Wine Courses Corporate Wine Events About Private Wine Events Blog!

Back to archive

17th June 2014

Coravin – a first stab

Coravin is a new wine opening device that is designed to allow you to withdraw as much of the wine from a bottle as you wish to drink, and leave the rest intact and inert for the future.
Read more here.

A brilliant idea! If it works! Well, the good news is that it does work. As an MW, I was sent a Coravin to try, in exchange for giving my honest opinion of it.

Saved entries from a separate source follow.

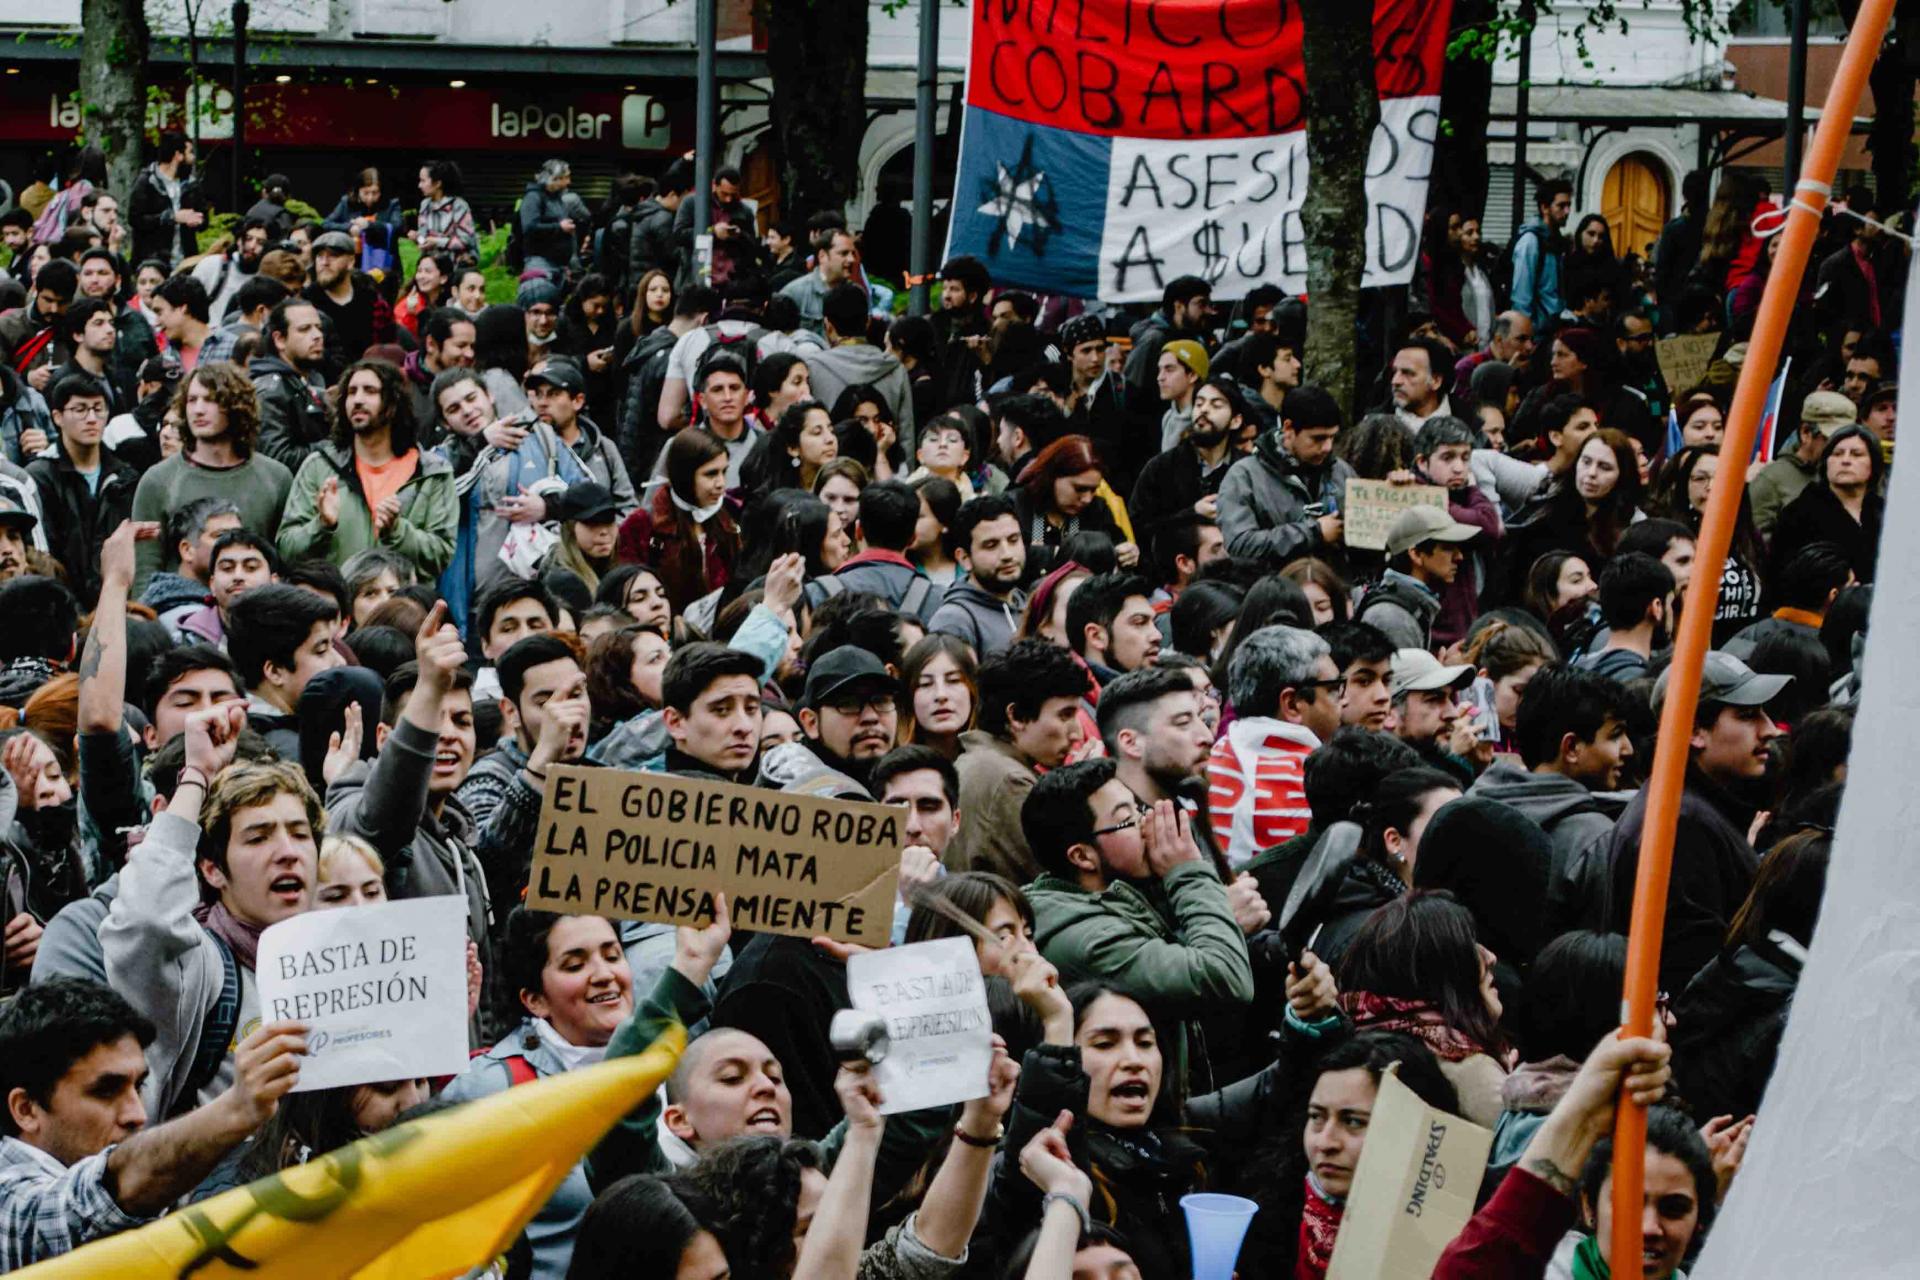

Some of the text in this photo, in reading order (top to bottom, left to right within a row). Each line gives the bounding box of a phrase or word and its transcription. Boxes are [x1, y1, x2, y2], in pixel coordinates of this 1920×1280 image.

[491, 102, 611, 139] laPolar
[990, 40, 1427, 135] COBARDS
[1118, 109, 1438, 210] ASESIOS
[1111, 225, 1166, 293] A
[554, 777, 898, 848] EL GOBIERNO ROBA
[545, 822, 817, 884] LA POLICIA MATA
[538, 867, 865, 935] LA PRENSA MIENTE
[279, 936, 416, 980] BASTA DE
[273, 971, 427, 1022] REPRESIÓN
[1406, 1121, 1446, 1218] SPALDING

During the period between the dispatch of my Coravin and its arrival, an unfortunate news story broke

It transpired that a few (7) bottles have shattered on using the Coravin system, and one of these had ‘caused lacerations’. The company issued a press release advising customers to stop using Coravin, until they had found a solution. This is to be a neoprene sleeve to place over the bottle before use. While this will stop anyone getting cut, it won’t stop shattered bottles making a mess, or the loss of the wine, so it seems like a bit of a halfway house solution in some ways.

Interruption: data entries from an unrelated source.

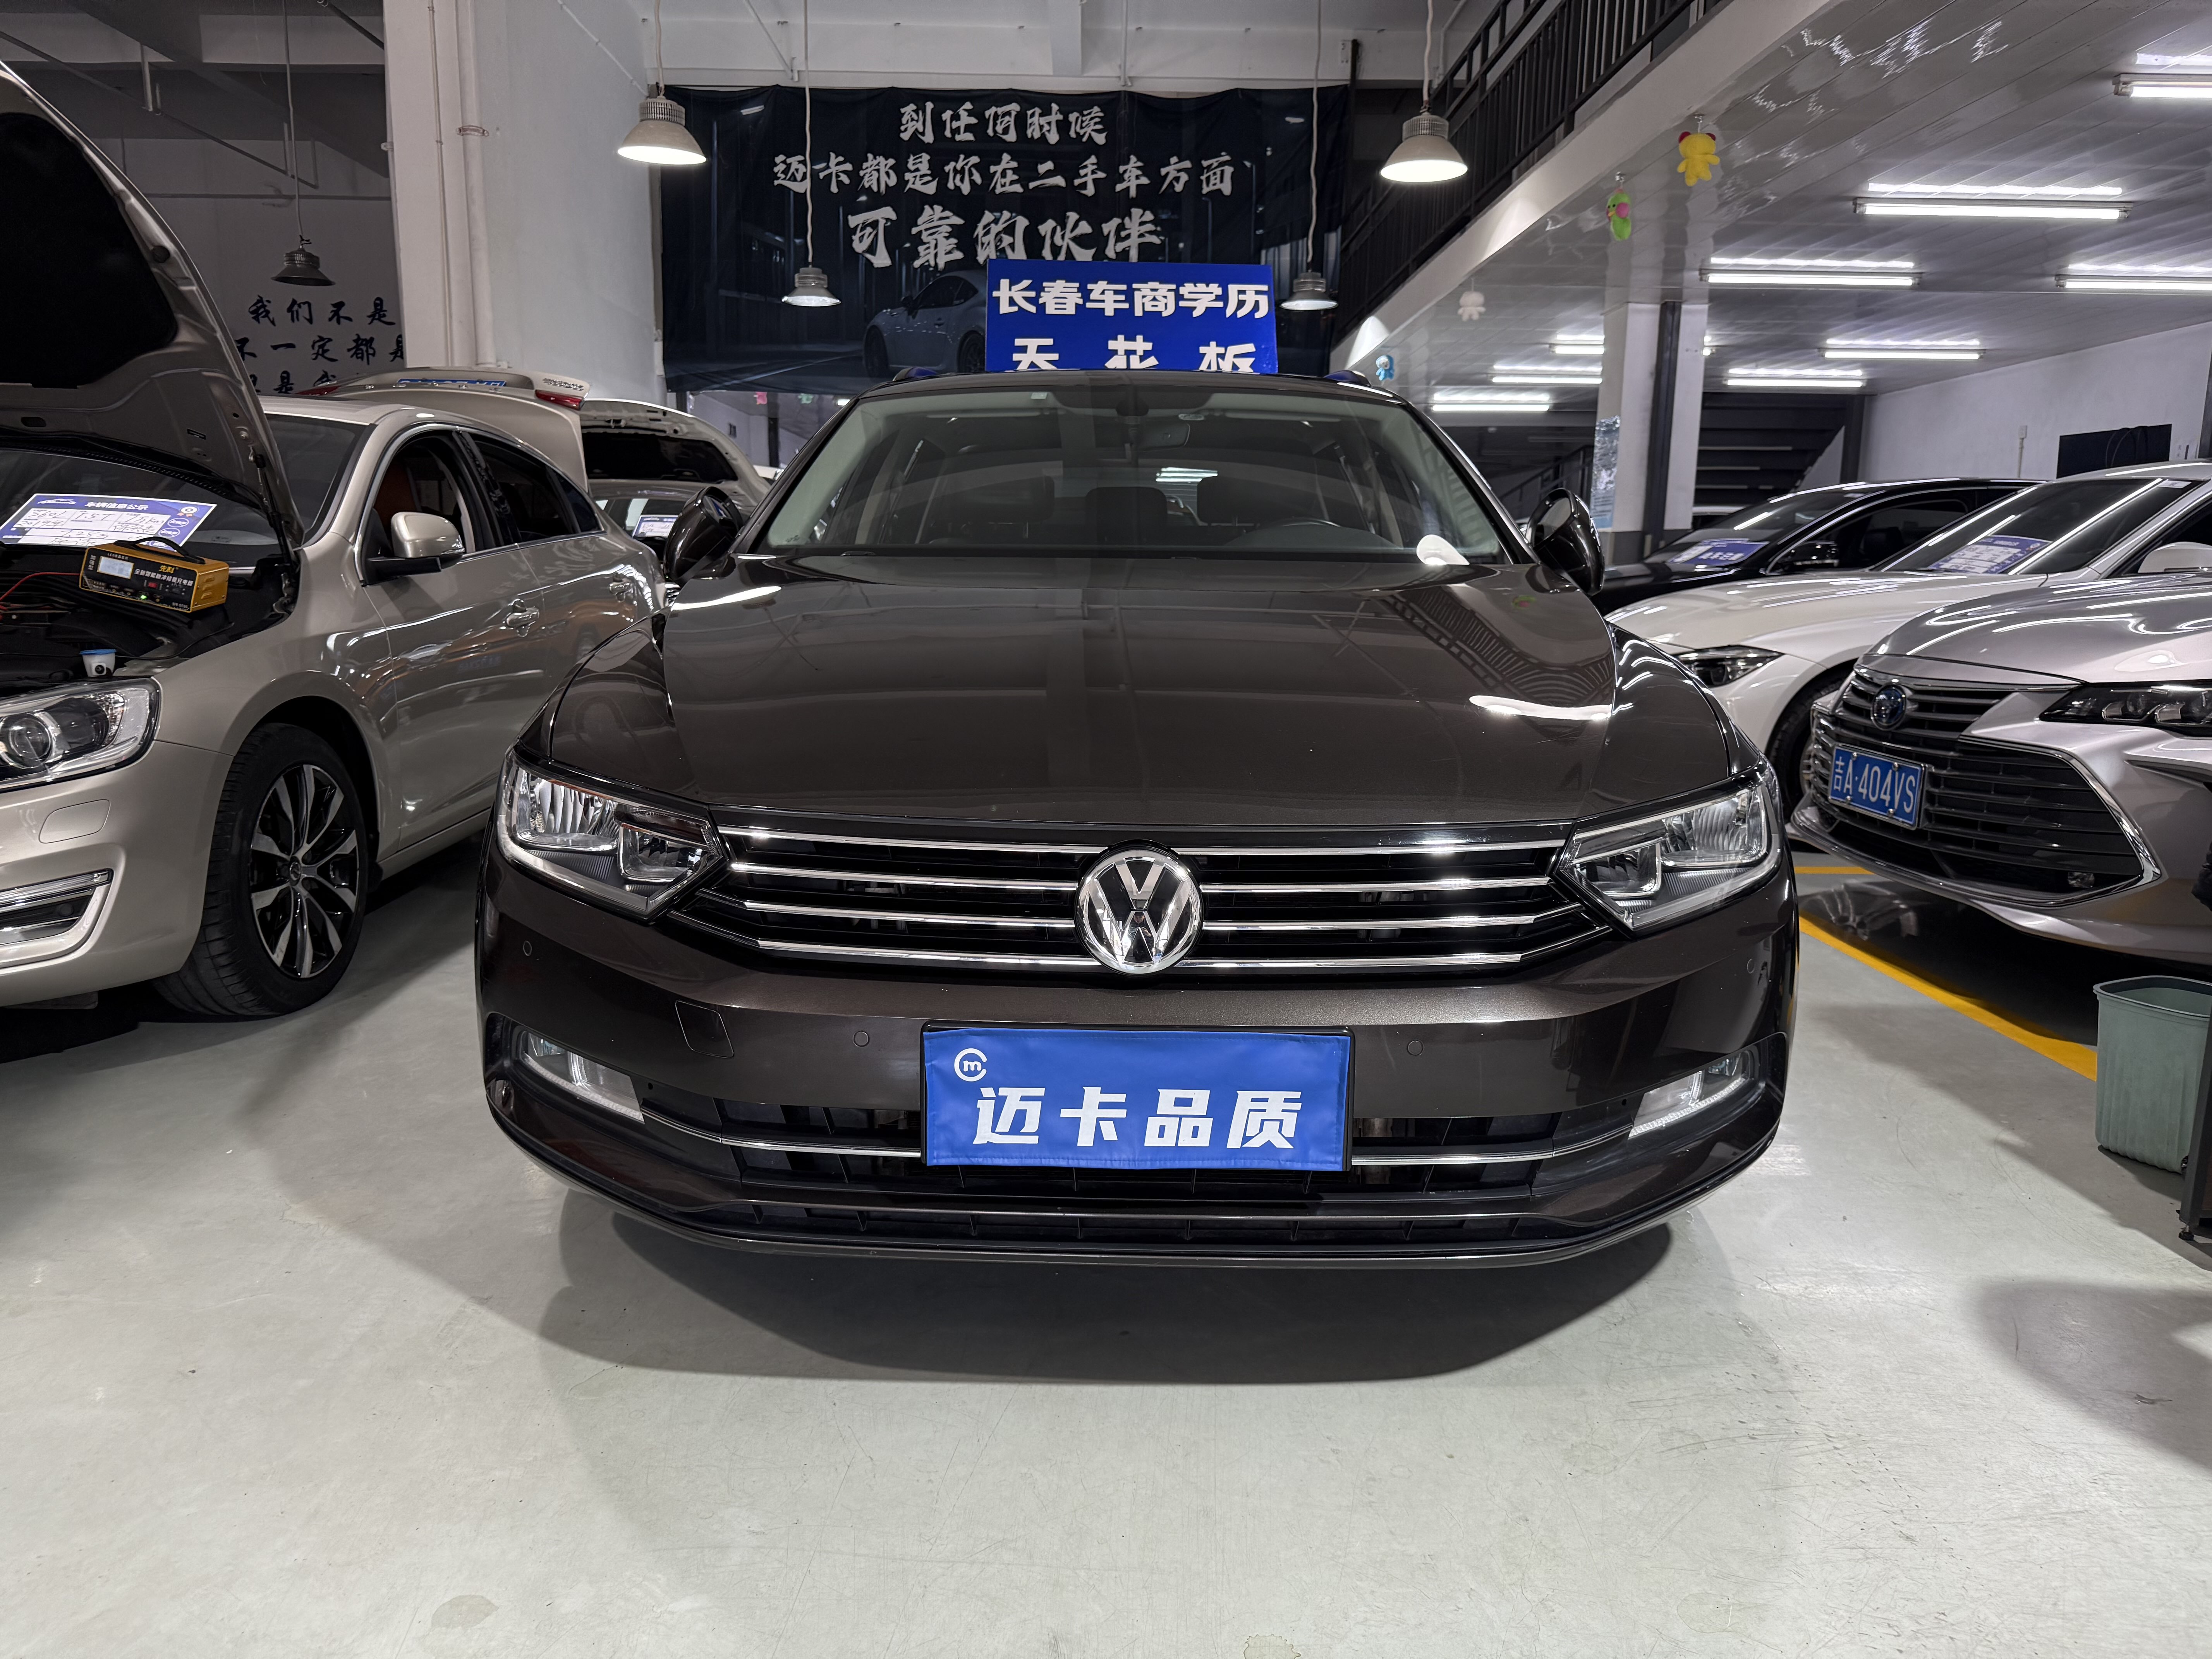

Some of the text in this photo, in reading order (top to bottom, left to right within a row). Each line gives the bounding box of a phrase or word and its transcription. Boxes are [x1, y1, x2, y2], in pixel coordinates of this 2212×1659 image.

[899, 102, 1108, 145] 到任何时候
[773, 152, 1234, 199] 迈卡都是你在二手车方面
[848, 205, 1162, 270] 可靠的伙伴
[248, 295, 396, 326] 我们不是
[992, 278, 1269, 319] 长春车商学历
[972, 1087, 1302, 1149] 迈卡品质

However, we all know how litigious Americans can be, and 7 out of the many thousands of bottles that must have been opened in this way is a small percentage. Given the likely age of the wines in question you have to wonder how many of these bottles might not have broken anyway. Who hasn’t chipped the neck of a bottle using a waiters-friend corkscrew?

Coravin works by inserting a needle through the cork (and capsule) and then withdrawing the wine using gas pressure, with an inert gas (argon) replacing the volume withdrawn, and preventing the remaining wine from subsequently oxidizing in the bottle. As I discovered, the device appears to give the user the opportunity to add more gas (or not) into the bottle seemingly at will. I’m not sure whether the bottles that shattered did so because of pressure from not enough gas, or too much. I can imagine that if people continued to use the device once it had run out of gas it might cause a problem.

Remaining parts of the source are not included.